◆ **Problem details**:
The whole listing below needs to be retyped without a single change.

◆ **Data**:

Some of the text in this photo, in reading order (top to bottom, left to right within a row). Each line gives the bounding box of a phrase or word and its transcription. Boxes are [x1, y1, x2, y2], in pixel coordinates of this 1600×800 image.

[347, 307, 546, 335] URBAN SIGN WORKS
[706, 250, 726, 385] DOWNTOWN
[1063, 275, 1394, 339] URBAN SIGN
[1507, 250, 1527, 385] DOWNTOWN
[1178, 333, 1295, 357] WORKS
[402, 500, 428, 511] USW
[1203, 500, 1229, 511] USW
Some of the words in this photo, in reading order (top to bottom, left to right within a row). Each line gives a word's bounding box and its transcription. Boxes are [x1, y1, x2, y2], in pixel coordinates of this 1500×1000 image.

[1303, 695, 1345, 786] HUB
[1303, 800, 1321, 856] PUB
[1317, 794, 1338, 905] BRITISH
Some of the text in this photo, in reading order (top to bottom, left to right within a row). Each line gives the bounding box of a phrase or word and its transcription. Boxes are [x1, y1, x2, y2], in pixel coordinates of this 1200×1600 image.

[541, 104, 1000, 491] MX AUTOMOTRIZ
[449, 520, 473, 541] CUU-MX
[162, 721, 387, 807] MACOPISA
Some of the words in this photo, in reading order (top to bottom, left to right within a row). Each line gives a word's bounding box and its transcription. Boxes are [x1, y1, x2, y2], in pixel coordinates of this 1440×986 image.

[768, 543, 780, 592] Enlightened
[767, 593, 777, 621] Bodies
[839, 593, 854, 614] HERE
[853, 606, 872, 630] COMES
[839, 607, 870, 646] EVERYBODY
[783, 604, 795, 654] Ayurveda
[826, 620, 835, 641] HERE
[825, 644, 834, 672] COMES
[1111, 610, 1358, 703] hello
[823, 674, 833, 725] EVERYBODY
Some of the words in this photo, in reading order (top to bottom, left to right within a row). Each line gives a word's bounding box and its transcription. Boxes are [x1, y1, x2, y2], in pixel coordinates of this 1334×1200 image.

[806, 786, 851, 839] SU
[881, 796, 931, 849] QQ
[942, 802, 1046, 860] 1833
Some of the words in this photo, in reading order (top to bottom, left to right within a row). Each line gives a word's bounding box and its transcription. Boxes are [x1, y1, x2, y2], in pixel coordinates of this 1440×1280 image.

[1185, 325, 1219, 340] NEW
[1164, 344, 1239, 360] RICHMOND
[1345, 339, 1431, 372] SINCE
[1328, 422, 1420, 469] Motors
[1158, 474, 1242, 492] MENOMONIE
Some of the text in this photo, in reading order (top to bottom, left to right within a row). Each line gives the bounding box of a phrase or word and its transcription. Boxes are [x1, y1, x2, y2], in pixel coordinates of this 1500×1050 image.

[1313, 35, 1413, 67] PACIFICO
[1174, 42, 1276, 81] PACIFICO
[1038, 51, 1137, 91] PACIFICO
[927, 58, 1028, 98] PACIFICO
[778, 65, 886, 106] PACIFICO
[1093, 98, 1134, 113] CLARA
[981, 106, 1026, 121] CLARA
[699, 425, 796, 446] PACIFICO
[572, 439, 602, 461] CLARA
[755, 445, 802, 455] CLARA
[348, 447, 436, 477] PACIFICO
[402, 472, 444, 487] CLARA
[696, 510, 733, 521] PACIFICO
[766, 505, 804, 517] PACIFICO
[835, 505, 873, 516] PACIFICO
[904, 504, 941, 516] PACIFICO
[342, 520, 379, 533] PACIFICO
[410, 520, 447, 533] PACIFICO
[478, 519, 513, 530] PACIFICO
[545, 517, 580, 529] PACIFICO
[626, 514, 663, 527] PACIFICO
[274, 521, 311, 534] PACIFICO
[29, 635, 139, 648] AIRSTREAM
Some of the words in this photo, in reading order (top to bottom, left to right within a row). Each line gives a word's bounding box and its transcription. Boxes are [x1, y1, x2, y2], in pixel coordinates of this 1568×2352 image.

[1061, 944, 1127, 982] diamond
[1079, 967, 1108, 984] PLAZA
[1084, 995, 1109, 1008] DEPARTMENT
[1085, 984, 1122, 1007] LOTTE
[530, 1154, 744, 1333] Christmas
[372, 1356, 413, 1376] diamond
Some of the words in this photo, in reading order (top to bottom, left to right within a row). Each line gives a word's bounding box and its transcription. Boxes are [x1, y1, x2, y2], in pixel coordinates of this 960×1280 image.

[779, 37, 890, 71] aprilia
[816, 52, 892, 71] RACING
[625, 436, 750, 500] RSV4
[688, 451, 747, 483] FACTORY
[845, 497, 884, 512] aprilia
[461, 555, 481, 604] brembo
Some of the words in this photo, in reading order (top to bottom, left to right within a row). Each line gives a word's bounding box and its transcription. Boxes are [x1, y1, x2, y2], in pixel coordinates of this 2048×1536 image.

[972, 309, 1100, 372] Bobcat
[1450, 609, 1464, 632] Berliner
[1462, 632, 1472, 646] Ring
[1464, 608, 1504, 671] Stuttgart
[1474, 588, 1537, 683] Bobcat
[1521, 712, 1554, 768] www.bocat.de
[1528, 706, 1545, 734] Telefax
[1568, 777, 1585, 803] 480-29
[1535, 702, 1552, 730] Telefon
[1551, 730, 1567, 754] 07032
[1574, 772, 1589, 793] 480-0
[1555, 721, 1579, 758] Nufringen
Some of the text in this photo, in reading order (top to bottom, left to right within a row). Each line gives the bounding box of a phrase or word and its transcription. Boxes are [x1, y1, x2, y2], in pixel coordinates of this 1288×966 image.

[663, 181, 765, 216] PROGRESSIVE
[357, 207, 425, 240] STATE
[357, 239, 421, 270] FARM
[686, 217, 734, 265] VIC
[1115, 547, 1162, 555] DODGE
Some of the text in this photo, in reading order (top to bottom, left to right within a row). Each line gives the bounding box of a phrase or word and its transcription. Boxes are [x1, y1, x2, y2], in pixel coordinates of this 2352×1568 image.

◆ **Response**:
Some of the text in this photo, in reading order (top to bottom, left to right within a row). Each line gives the bounding box of a phrase or word and its transcription. Boxes are [x1, y1, x2, y2], in pixel coordinates of this 1600×800 image.

[347, 307, 546, 335] URBAN SIGN WORKS
[706, 250, 726, 385] DOWNTOWN
[1063, 275, 1394, 339] URBAN SIGN
[1507, 250, 1527, 385] DOWNTOWN
[1178, 333, 1295, 357] WORKS
[402, 500, 428, 511] USW
[1203, 500, 1229, 511] USW
Some of the words in this photo, in reading order (top to bottom, left to right within a row). Each line gives a word's bounding box and its transcription. Boxes are [x1, y1, x2, y2], in pixel coordinates of this 1500×1000 image.

[1303, 695, 1345, 786] HUB
[1303, 800, 1321, 856] PUB
[1317, 794, 1338, 905] BRITISH
Some of the text in this photo, in reading order (top to bottom, left to right within a row). Each line gives the bounding box of a phrase or word and its transcription. Boxes are [x1, y1, x2, y2], in pixel coordinates of this 1200×1600 image.

[541, 104, 1000, 491] MX AUTOMOTRIZ
[449, 520, 473, 541] CUU-MX
[162, 721, 387, 807] MACOPISA
Some of the words in this photo, in reading order (top to bottom, left to right within a row). Each line gives a word's bounding box and its transcription. Boxes are [x1, y1, x2, y2], in pixel coordinates of this 1440×986 image.

[768, 543, 780, 592] Enlightened
[767, 593, 777, 621] Bodies
[839, 593, 854, 614] HERE
[853, 606, 872, 630] COMES
[839, 607, 870, 646] EVERYBODY
[783, 604, 795, 654] Ayurveda
[826, 620, 835, 641] HERE
[825, 644, 834, 672] COMES
[1111, 610, 1358, 703] hello
[823, 674, 833, 725] EVERYBODY
Some of the words in this photo, in reading order (top to bottom, left to right within a row). Each line gives a word's bounding box and its transcription. Boxes are [x1, y1, x2, y2], in pixel coordinates of this 1334×1200 image.

[806, 786, 851, 839] SU
[881, 796, 931, 849] QQ
[942, 802, 1046, 860] 1833
Some of the words in this photo, in reading order (top to bottom, left to right within a row). Each line gives a word's bounding box and its transcription. Boxes are [x1, y1, x2, y2], in pixel coordinates of this 1440×1280 image.

[1185, 325, 1219, 340] NEW
[1164, 344, 1239, 360] RICHMOND
[1345, 339, 1431, 372] SINCE
[1328, 422, 1420, 469] Motors
[1158, 474, 1242, 492] MENOMONIE
Some of the text in this photo, in reading order (top to bottom, left to right within a row). Each line gives the bounding box of a phrase or word and its transcription. Boxes are [x1, y1, x2, y2], in pixel coordinates of this 1500×1050 image.

[1313, 35, 1413, 67] PACIFICO
[1174, 42, 1276, 81] PACIFICO
[1038, 51, 1137, 91] PACIFICO
[927, 58, 1028, 98] PACIFICO
[778, 65, 886, 106] PACIFICO
[1093, 98, 1134, 113] CLARA
[981, 106, 1026, 121] CLARA
[699, 425, 796, 446] PACIFICO
[572, 439, 602, 461] CLARA
[755, 445, 802, 455] CLARA
[348, 447, 436, 477] PACIFICO
[402, 472, 444, 487] CLARA
[696, 510, 733, 521] PACIFICO
[766, 505, 804, 517] PACIFICO
[835, 505, 873, 516] PACIFICO
[904, 504, 941, 516] PACIFICO
[342, 520, 379, 533] PACIFICO
[410, 520, 447, 533] PACIFICO
[478, 519, 513, 530] PACIFICO
[545, 517, 580, 529] PACIFICO
[626, 514, 663, 527] PACIFICO
[274, 521, 311, 534] PACIFICO
[29, 635, 139, 648] AIRSTREAM
Some of the words in this photo, in reading order (top to bottom, left to right within a row). Each line gives a word's bounding box and its transcription. Boxes are [x1, y1, x2, y2], in pixel coordinates of this 1568×2352 image.

[1061, 944, 1127, 982] diamond
[1079, 967, 1108, 984] PLAZA
[1084, 995, 1109, 1008] DEPARTMENT
[1085, 984, 1122, 1007] LOTTE
[530, 1154, 744, 1333] Christmas
[372, 1356, 413, 1376] diamond
Some of the words in this photo, in reading order (top to bottom, left to right within a row). Each line gives a word's bounding box and its transcription. Boxes are [x1, y1, x2, y2], in pixel coordinates of this 960×1280 image.

[779, 37, 890, 71] aprilia
[816, 52, 892, 71] RACING
[625, 436, 750, 500] RSV4
[688, 451, 747, 483] FACTORY
[845, 497, 884, 512] aprilia
[461, 555, 481, 604] brembo
Some of the words in this photo, in reading order (top to bottom, left to right within a row). Each line gives a word's bounding box and its transcription. Boxes are [x1, y1, x2, y2], in pixel coordinates of this 2048×1536 image.

[972, 309, 1100, 372] Bobcat
[1450, 609, 1464, 632] Berliner
[1462, 632, 1472, 646] Ring
[1464, 608, 1504, 671] Stuttgart
[1474, 588, 1537, 683] Bobcat
[1521, 712, 1554, 768] www.bocat.de
[1528, 706, 1545, 734] Telefax
[1568, 777, 1585, 803] 480-29
[1535, 702, 1552, 730] Telefon
[1551, 730, 1567, 754] 07032
[1574, 772, 1589, 793] 480-0
[1555, 721, 1579, 758] Nufringen
Some of the text in this photo, in reading order (top to bottom, left to right within a row). Each line gives the bounding box of a phrase or word and its transcription. Boxes are [x1, y1, x2, y2], in pixel coordinates of this 1288×966 image.

[663, 181, 765, 216] PROGRESSIVE
[357, 207, 425, 240] STATE
[357, 239, 421, 270] FARM
[686, 217, 734, 265] VIC
[1115, 547, 1162, 555] DODGE
Some of the text in this photo, in reading order (top to bottom, left to right within a row). Each line gives the bounding box of a phrase or word and its transcription. Boxes are [x1, y1, x2, y2], in pixel coordinates of this 2352×1568 image.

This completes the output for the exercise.